# FATCA rules and banking



## pm16 (Mar 9, 2016)

Hello:

We are moving to Mexico and I'm reading up on the new FATCA rules that have discouraged banks from providing services to expats. I'm even read where US banks close accounts on people living abroad. Has anyone experienced this problem? Are there banks that are not prone to closing your account in the US? We use a well known bank that we've heard has sent letters to expats regarding closing their accounts.

I've read that credit unions are more stable in regards to maintaining your account open in the US.

We already use a credit union and will look into their practices regarding expats.

Confused with the seemingly no options.


----------



## michmex (Jul 15, 2012)

pm16 said:


> Hello:
> 
> We are moving to Mexico and I'm reading up on the new FATCA rules that have discouraged banks from providing services to expats. I'm even read where US banks close accounts on people living abroad. Has anyone experienced this problem? Are there banks that are not prone to closing your account in the US? We use a well known bank that we've heard has sent letters to expats regarding closing their accounts.
> 
> ...


Many expats maintain their USA bank accounts and simply use a relative's address or a mail forwarding service to keep from changing their USA address to their new Mexico address. For many expats their USA bank account is sufficient to fund their activities in Mexico by utilizing cash withdrawals from a Mexican bank ATM with their USA debit/credit card. Most USA banks are becoming very leery of having accounts with foreign based individuals due to requirements imposed upon them to prevent money laundering and tax evasion under the Bank Secrecy Act (BSA 1970) and Sections 312 and 326 of the USA Patriot Act 2001.
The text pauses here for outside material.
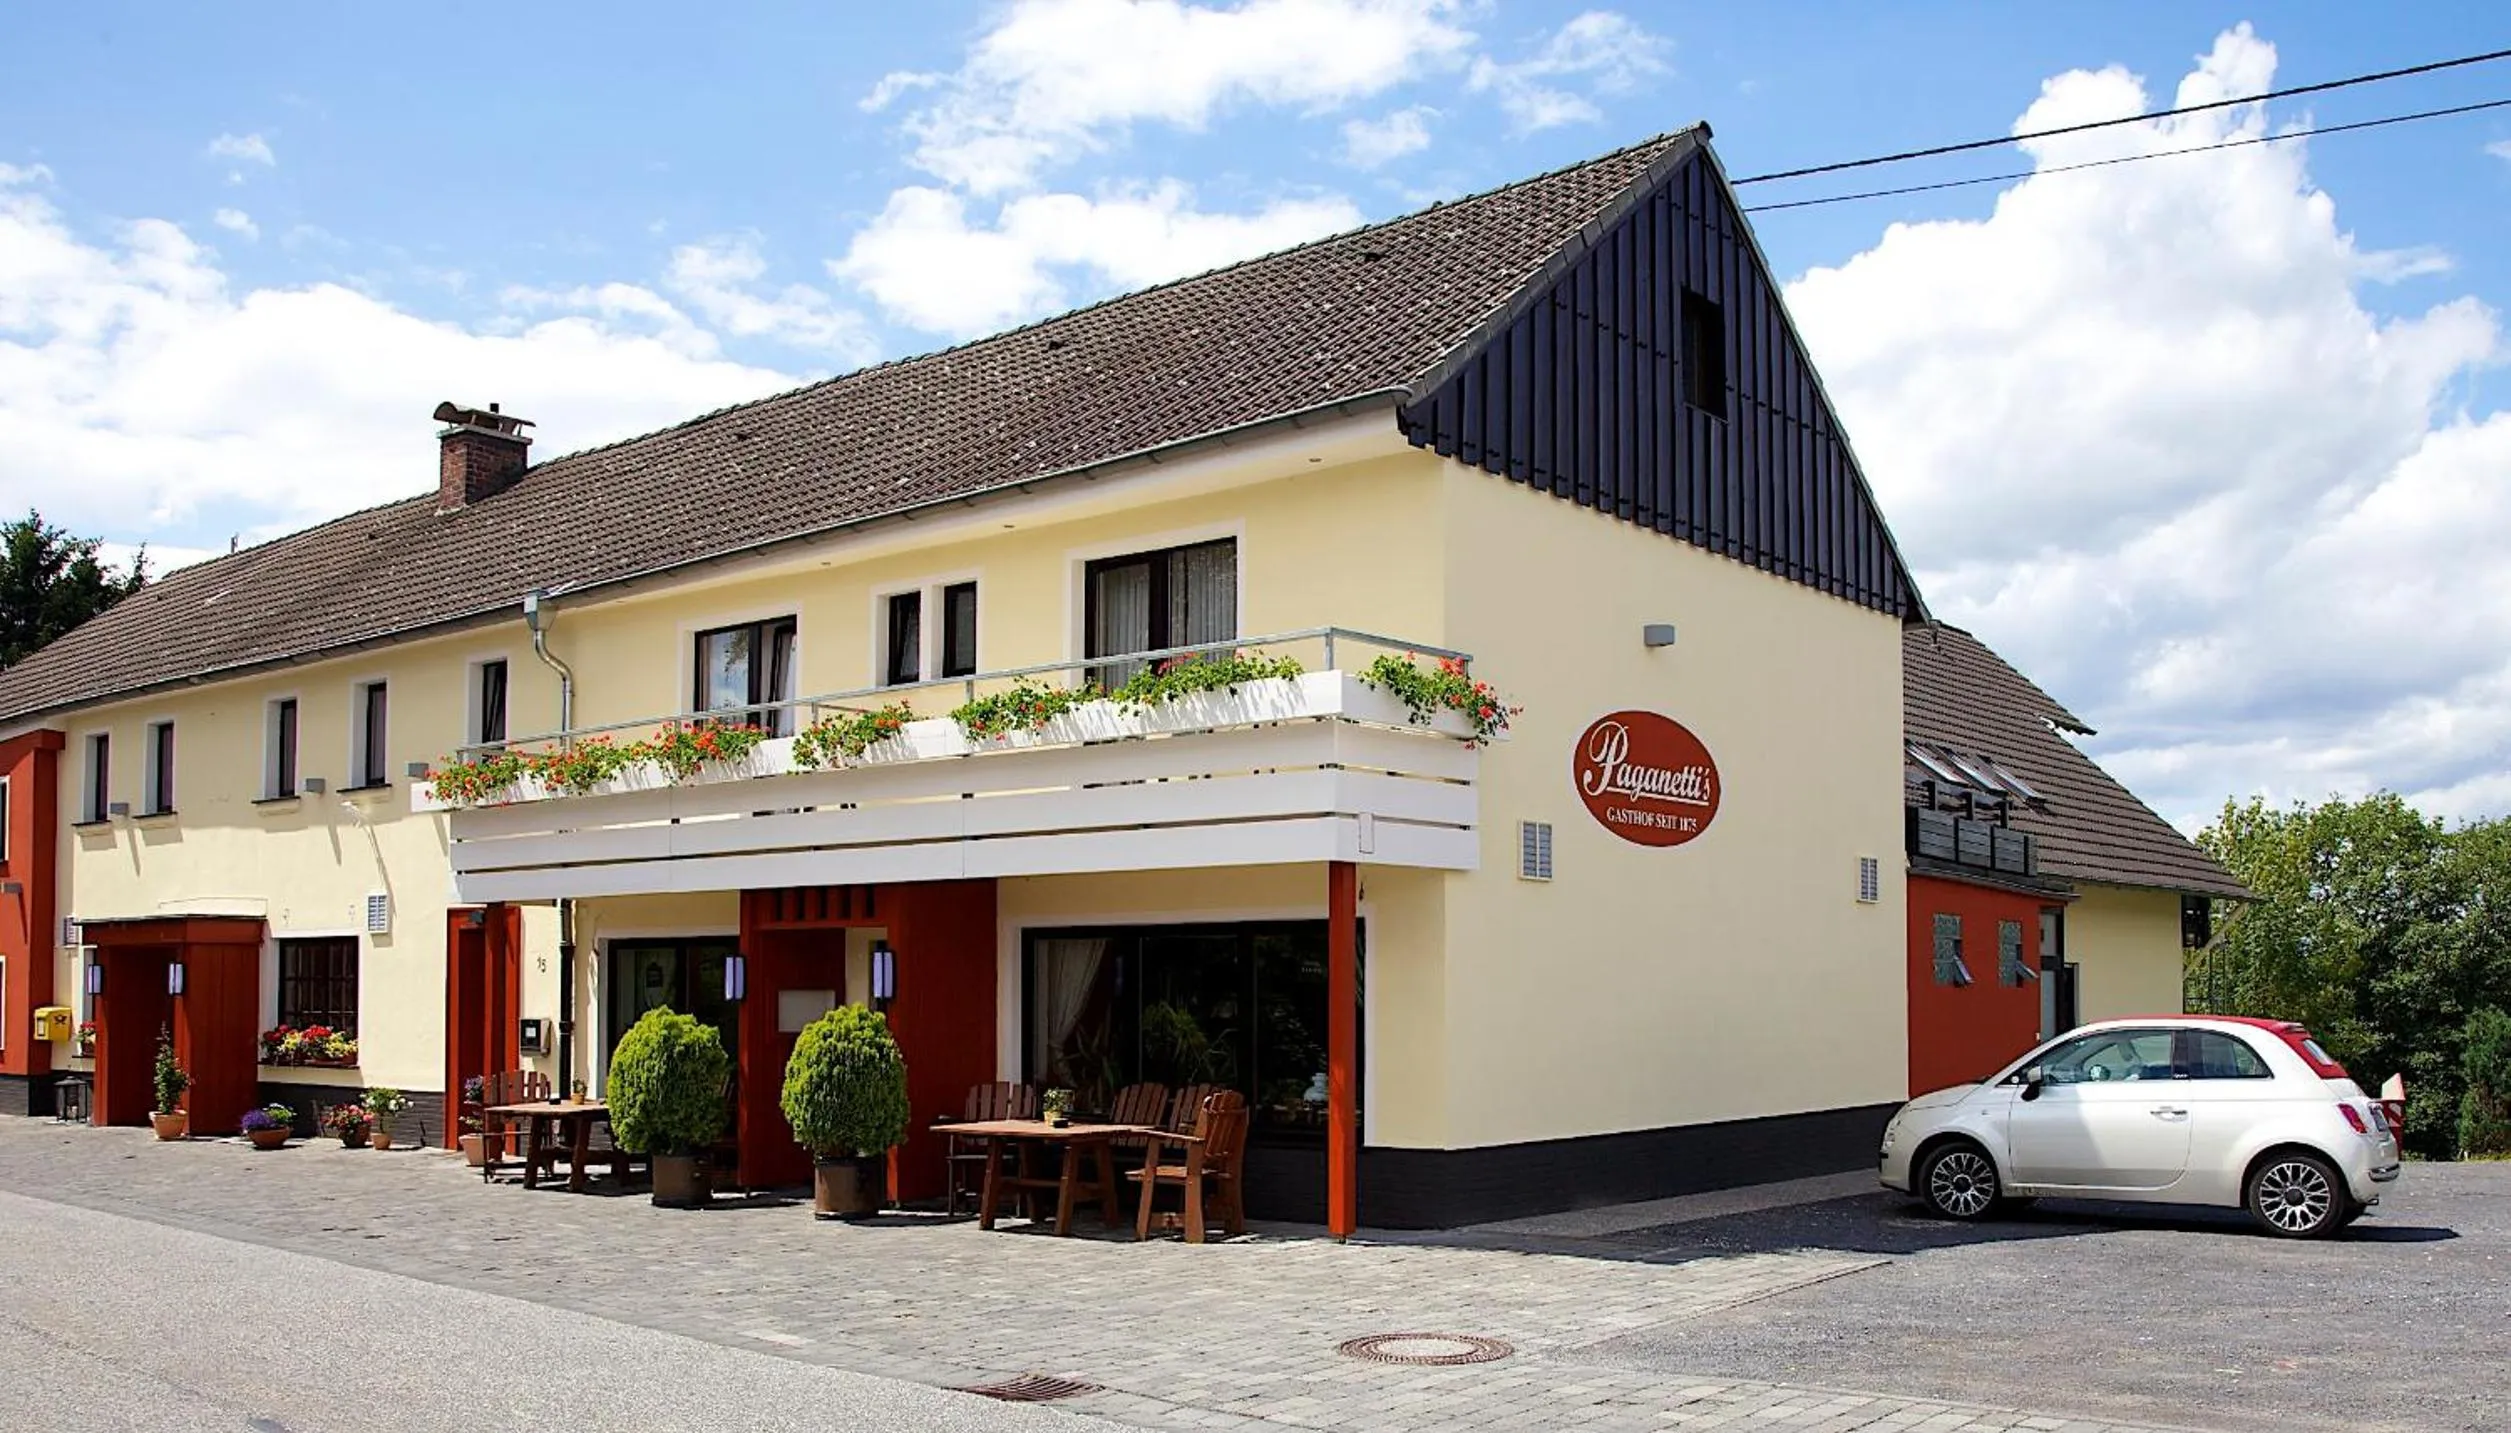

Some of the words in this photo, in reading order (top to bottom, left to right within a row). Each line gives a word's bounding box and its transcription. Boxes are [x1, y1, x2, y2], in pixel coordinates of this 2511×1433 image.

Others obtain a Mexican bank account. Some banks and/or their local branches are more receptive of an expats business than others. I had no problem with BBVA Bancomer when opening a checking account. Others do not want to be saddled with reporting requirements. Check recent discussions in threads regarding the issue and banks.

If your accounts are below a certain balance you will escape the FBAR - FACTA reporting requirements for USA individuals. Even if above the requirements are not particularly onerous - a pain in the butt maybe.


----------



## joaquinx (Jul 3, 2010)

I'm with Bank of American and both checking and credit cards accounts are listed under my Mexican address. In fact, BofA recently UPSed my new credit card to me. 

My Mexican bank is HSBC and a few months ago, the agent from my branch, which is two blocks away, came up to my house and asked me to come down to the bank and fill out a W-9, compliance form. HSBC is fully compliant with FATCA.


----------



## pm16 (Mar 9, 2016)

Thank you all! We have a better idea of how this translates to our day to day banking. We will keep our US based bank account and will open a Mexican one. We are not in the higher income bracket so I think we'll be fine.


----------



## eastwind (Jun 18, 2016)

I have a plan regarding this topic, and I'd be interested in comments/criticisms that might save me from running into trouble. 

I subscribed for a year to a commercial mail receiving agency in texas. It costs $185 for a year and they scan all your mail and email you the images, and shred the paper unless you give them a per-item instruction within two weeks of receiving it. You can have them mail something on, but you pay postage for that extra to the $185. I wasn't sure at the time what country I'd end up in, or if I'd stay in that country forever, so it seemed like a good thing to use. I haven't tried changing my financial accounts mailing addresses to it yet but will soon. If that doesn't work, then I'll not resubscribe. It gives me a street address in Texas.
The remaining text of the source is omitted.